Most legal professionals follow the Electronic Discovery Reference Model (EDRM) to manage the process in a “defensible” manner that stands up in court:
Information Governance: Managing data from its creation to its destruction to reduce risks before a legal matter even begins.
Identification: Pinpointing which digital files are relevant to the case and identifying the “custodians” or people who own or control them.
Preservation: Issuing a legal hold to ensure data is not deleted, altered, or overwritten.
Collection: Gathering the data from sources like email servers, cloud drives, and mobile devices while keeping their original “digital fingerprint” (metadata) intact.
Processing: Converting files into a searchable format and removing duplicates (de-duplication).
Review: Examining the data to decide what is relevant to the case and what should be kept private (attorney-client privileged).
Analysis: Looking for patterns, key topics, and timelines to help build a legal strategy.

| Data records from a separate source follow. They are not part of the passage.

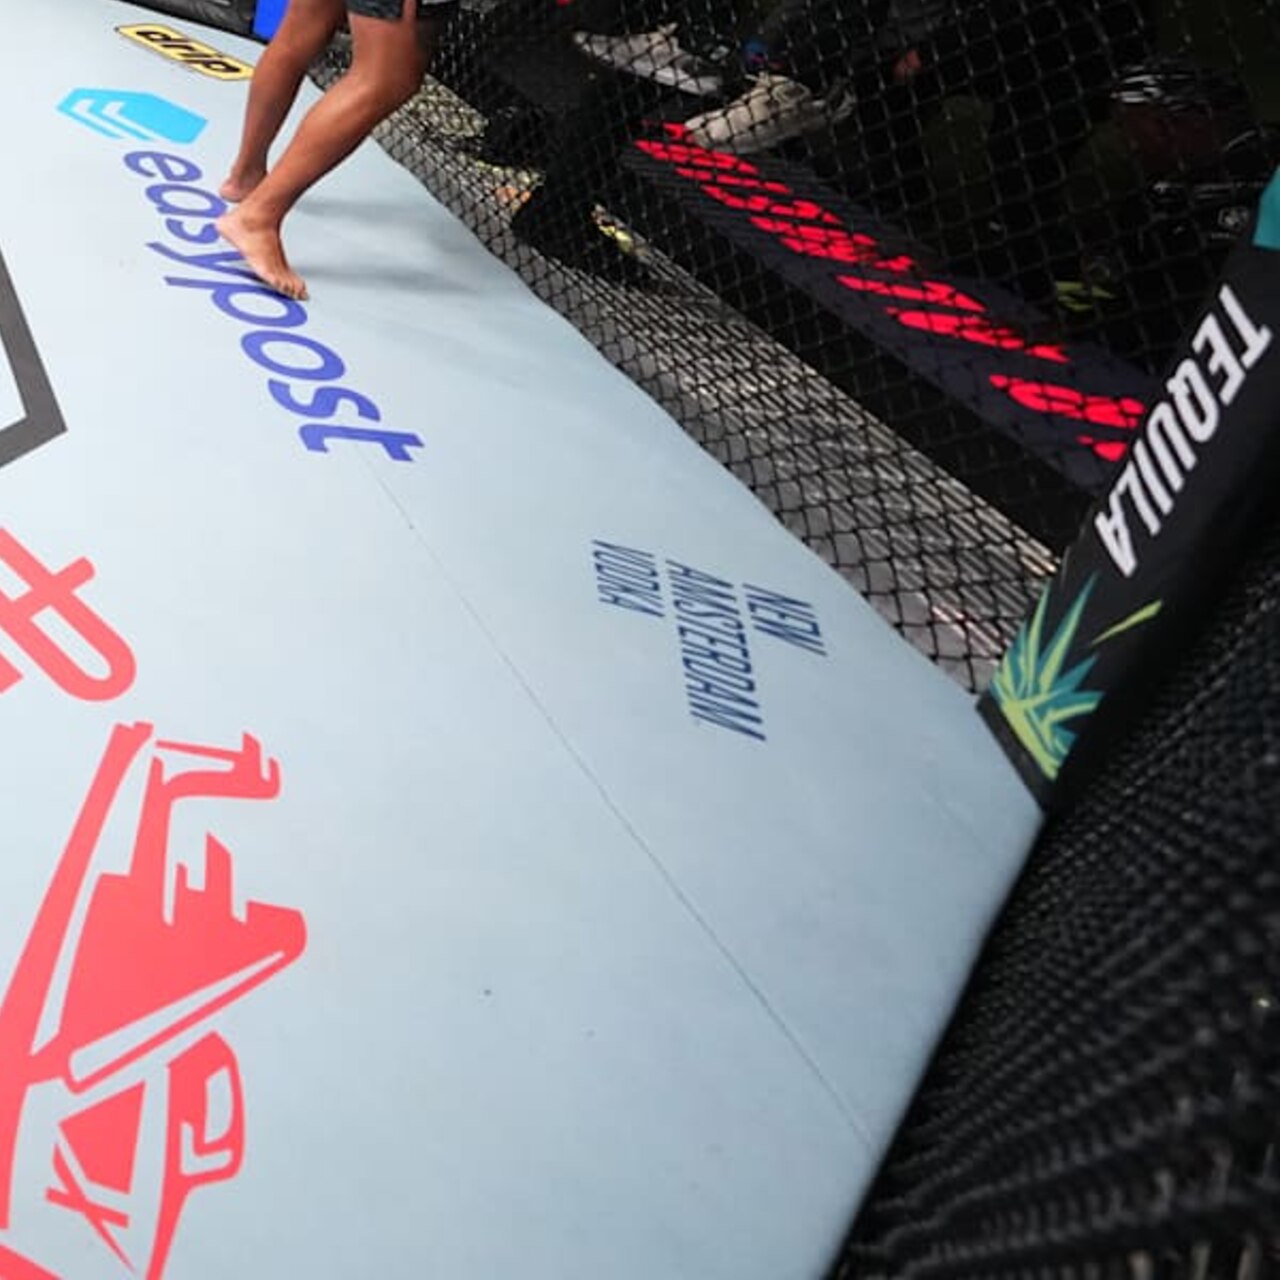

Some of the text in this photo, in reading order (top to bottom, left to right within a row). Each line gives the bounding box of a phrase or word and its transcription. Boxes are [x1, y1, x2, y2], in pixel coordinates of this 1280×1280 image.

[136, 26, 244, 77] drip
[122, 149, 426, 462] easypost
[1094, 283, 1274, 579] TEQUILA
[665, 557, 768, 742] AMSTERDAM
[742, 581, 829, 657] NEW

Production: Formally delivering the relevant data to the opposing side in a readable format, such as a PDF or native file.
Presentation: Displaying the final evidence to stakeholders (e.g., a judge or jury during a trial or deposition).
7.1 - Understand and comply with investigations
Evidence collection and handling
Proper evidence collection and handling are important for any investigation and are considered the “lifeline of credibility,” especially as digital data now appears in a high percentage of criminal cases.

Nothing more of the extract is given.